<<<<

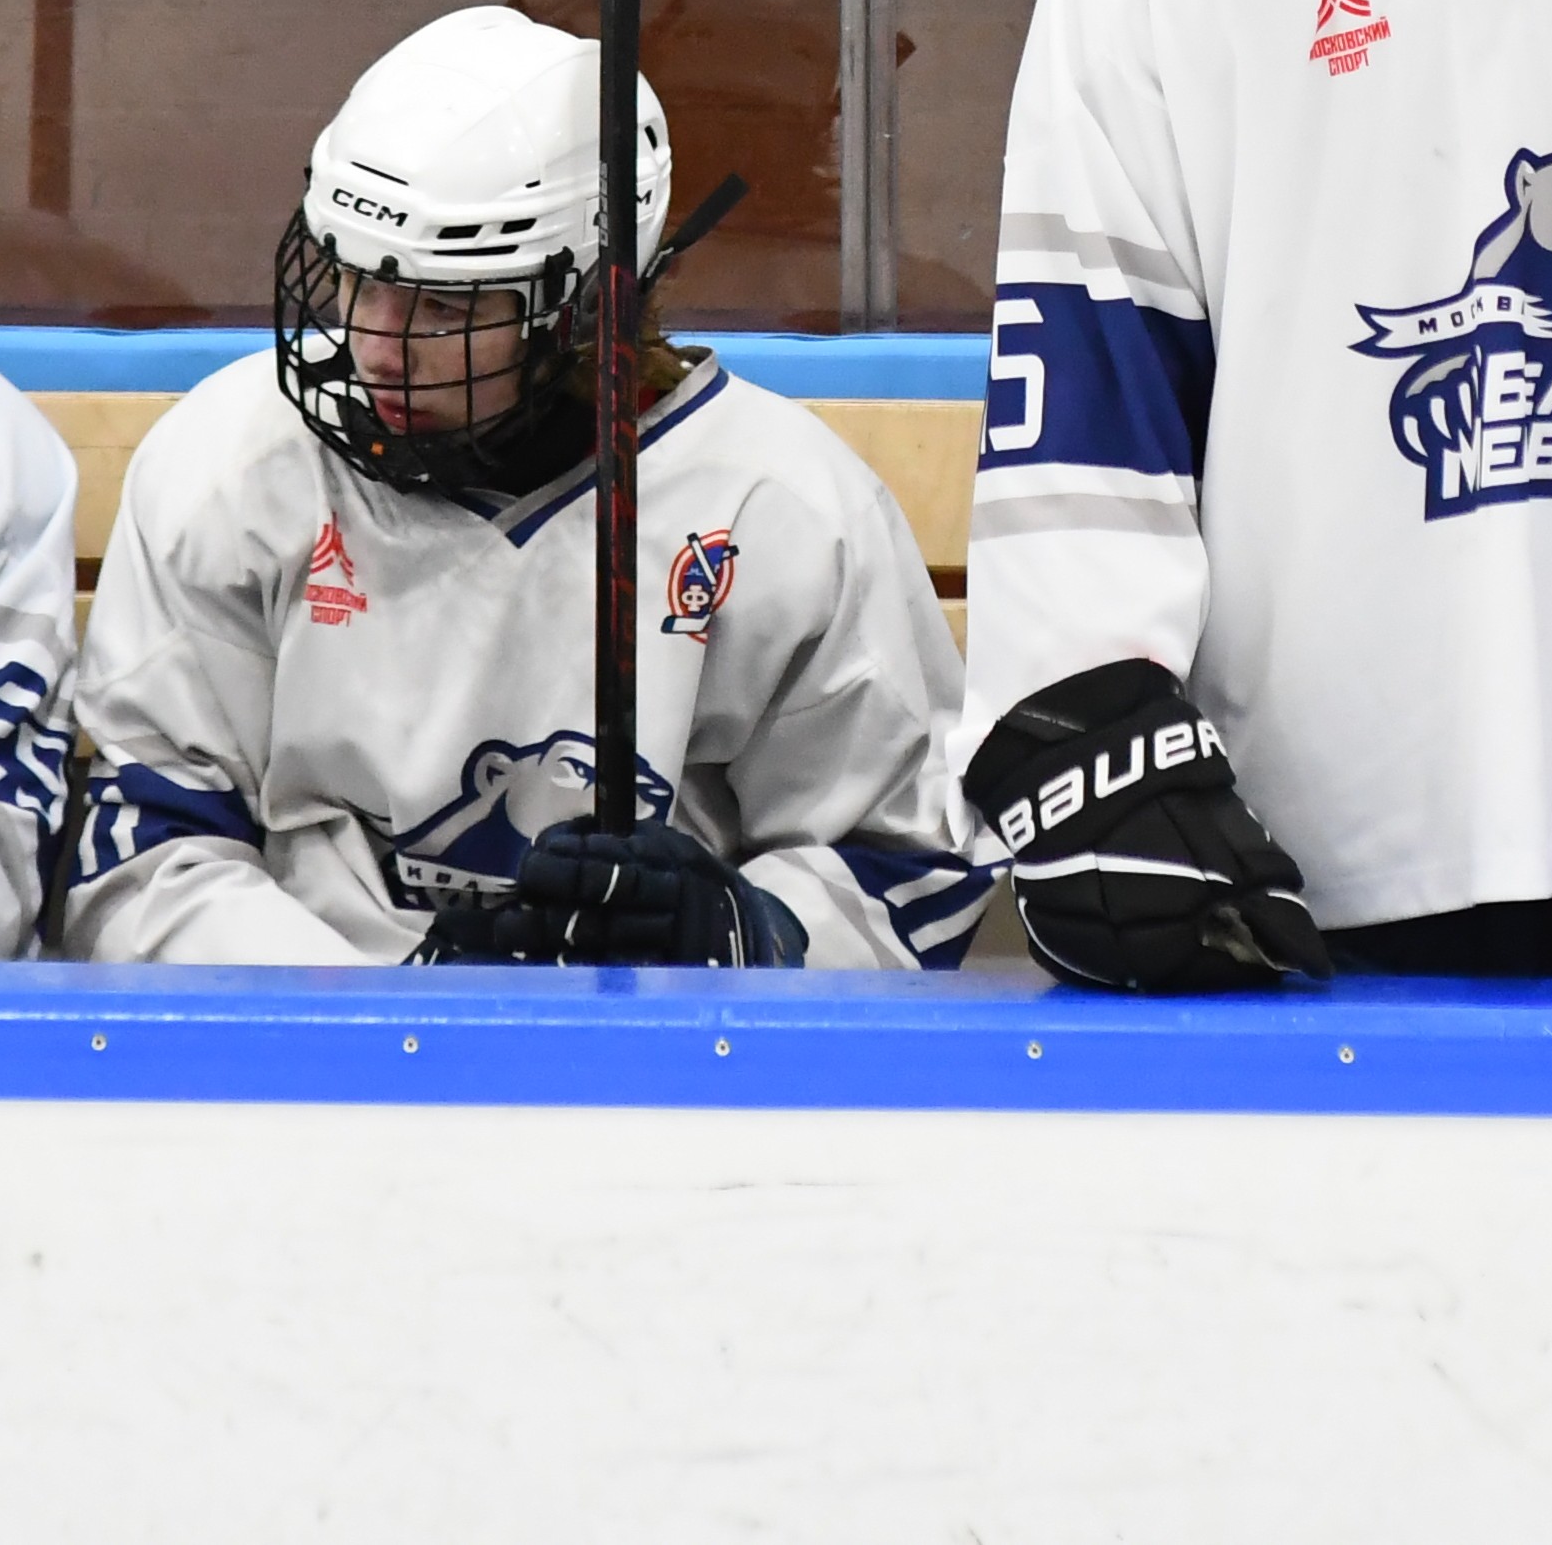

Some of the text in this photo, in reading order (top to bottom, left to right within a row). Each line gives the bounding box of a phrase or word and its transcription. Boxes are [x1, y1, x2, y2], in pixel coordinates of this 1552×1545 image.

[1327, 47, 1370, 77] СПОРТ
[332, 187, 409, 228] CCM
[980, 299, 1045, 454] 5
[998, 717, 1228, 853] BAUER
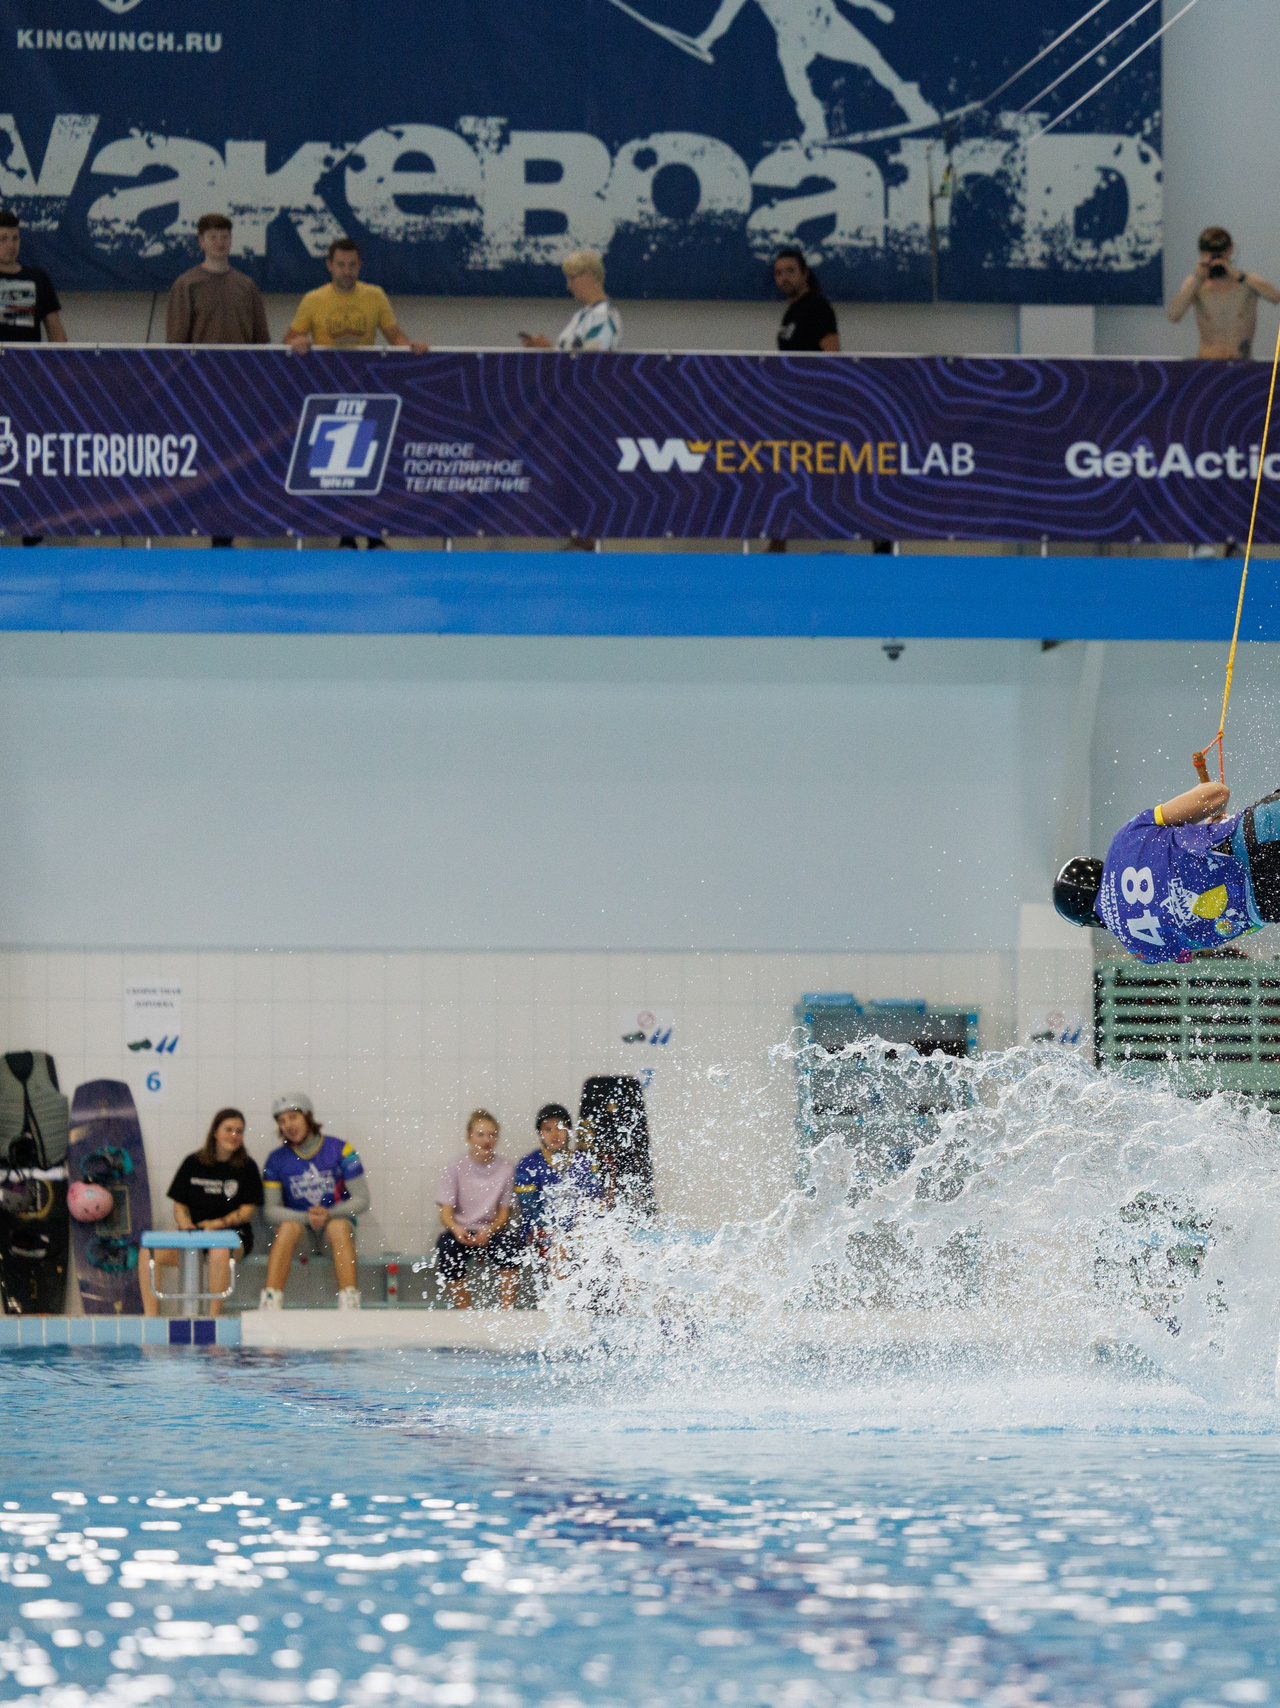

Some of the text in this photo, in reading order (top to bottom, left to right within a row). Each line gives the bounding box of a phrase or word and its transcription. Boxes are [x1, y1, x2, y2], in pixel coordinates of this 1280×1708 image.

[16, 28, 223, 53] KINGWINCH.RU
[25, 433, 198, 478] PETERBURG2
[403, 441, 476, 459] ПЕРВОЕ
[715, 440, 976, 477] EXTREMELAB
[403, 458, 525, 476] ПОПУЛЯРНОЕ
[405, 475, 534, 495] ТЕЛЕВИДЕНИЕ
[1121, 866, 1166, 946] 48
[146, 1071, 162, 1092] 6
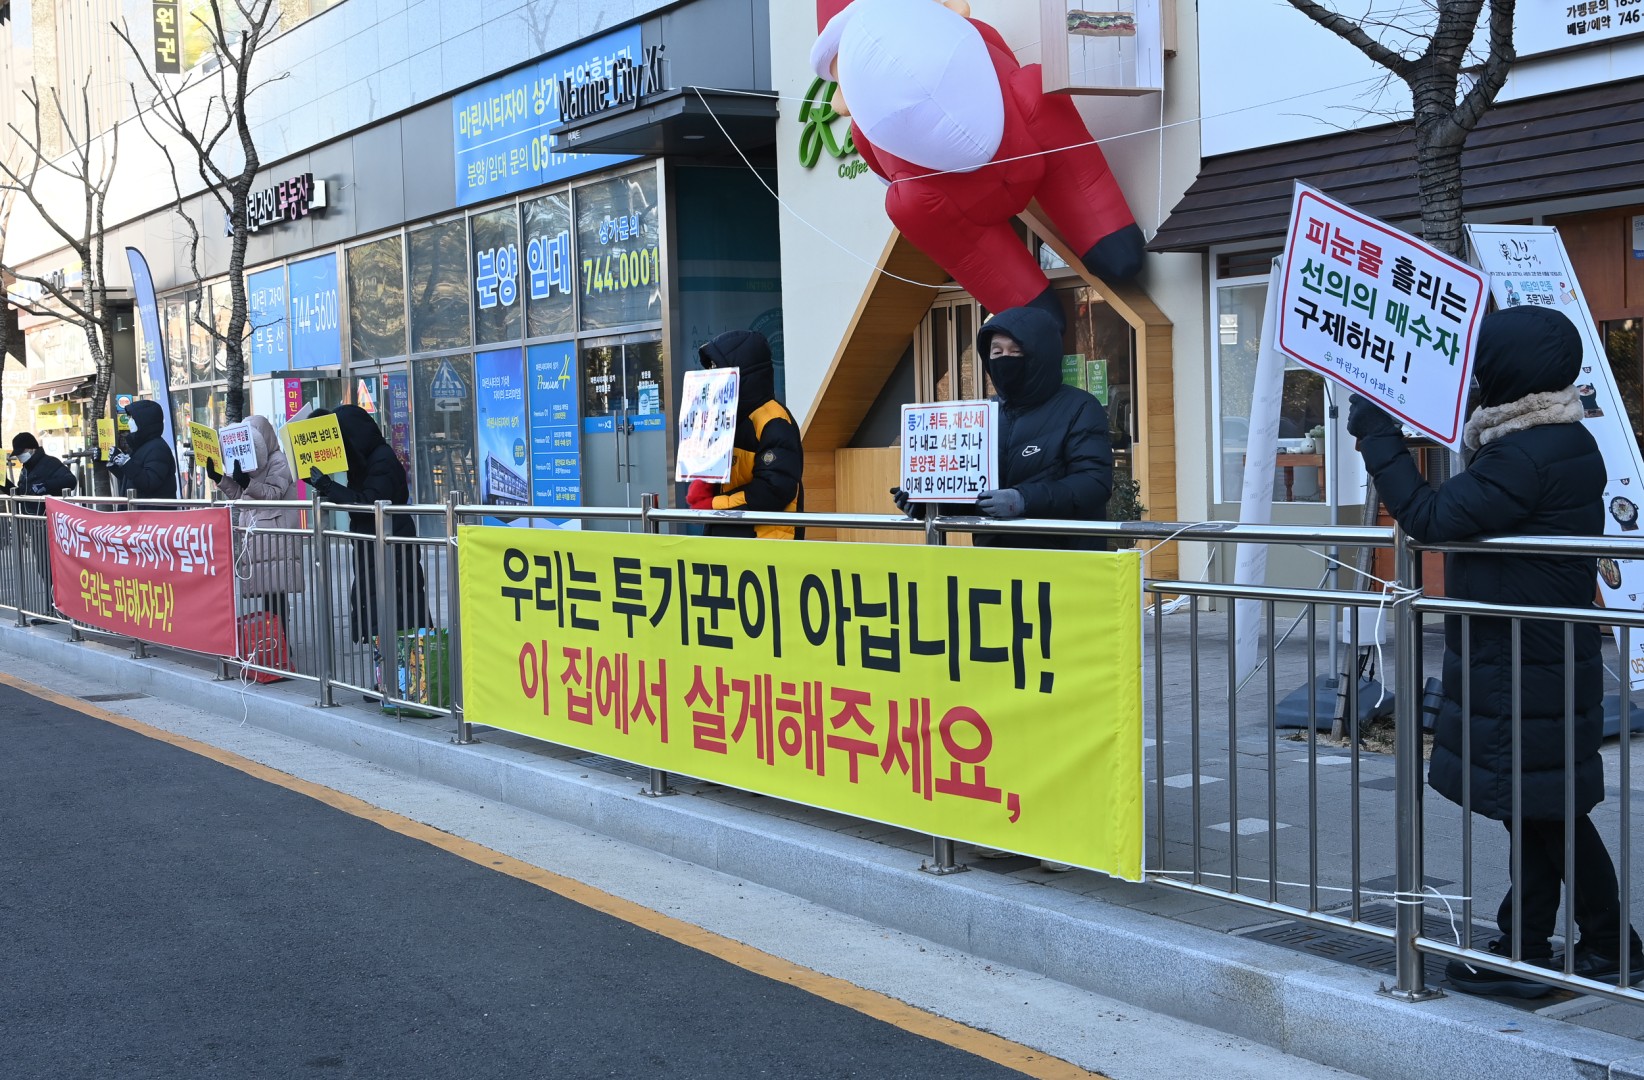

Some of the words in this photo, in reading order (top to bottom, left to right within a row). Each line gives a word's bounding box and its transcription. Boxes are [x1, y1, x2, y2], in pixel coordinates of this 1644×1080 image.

>>>>

» **WHAT YOU WILL DO**
Everything in the material above should be reproduced exactly, except the pictures.

» **RESULT OF THE TASK**
Some of the text in this photo, in reading order (top to bottom, left to right within a row). Each line gives the bounding box of a phrase or word and its transcription. Boxes are [x1, y1, x2, y2], in pixel coordinates of this 1552×1545 image.

[1327, 47, 1370, 77] СПОРТ
[332, 187, 409, 228] CCM
[980, 299, 1045, 454] 5
[998, 717, 1228, 853] BAUER

Some of the text in this photo, in reading order (top to bottom, left to right within a row). Each line gives the bounding box of a phrase or word and its transcription. Boxes are [x1, y1, x2, y2], in pixel coordinates of this 1280×1708 image.

[16, 28, 223, 53] KINGWINCH.RU
[25, 433, 198, 478] PETERBURG2
[403, 441, 476, 459] ПЕРВОЕ
[715, 440, 976, 477] EXTREMELAB
[403, 458, 525, 476] ПОПУЛЯРНОЕ
[405, 475, 534, 495] ТЕЛЕВИДЕНИЕ
[1121, 866, 1166, 946] 48
[146, 1071, 162, 1092] 6

Some of the words in this photo, in reading order (top to bottom, left to right within a row). Each line gives a word's bounding box and its transcription. Boxes are [x1, y1, x2, y2], in pixel coordinates of this 1644×1080 image.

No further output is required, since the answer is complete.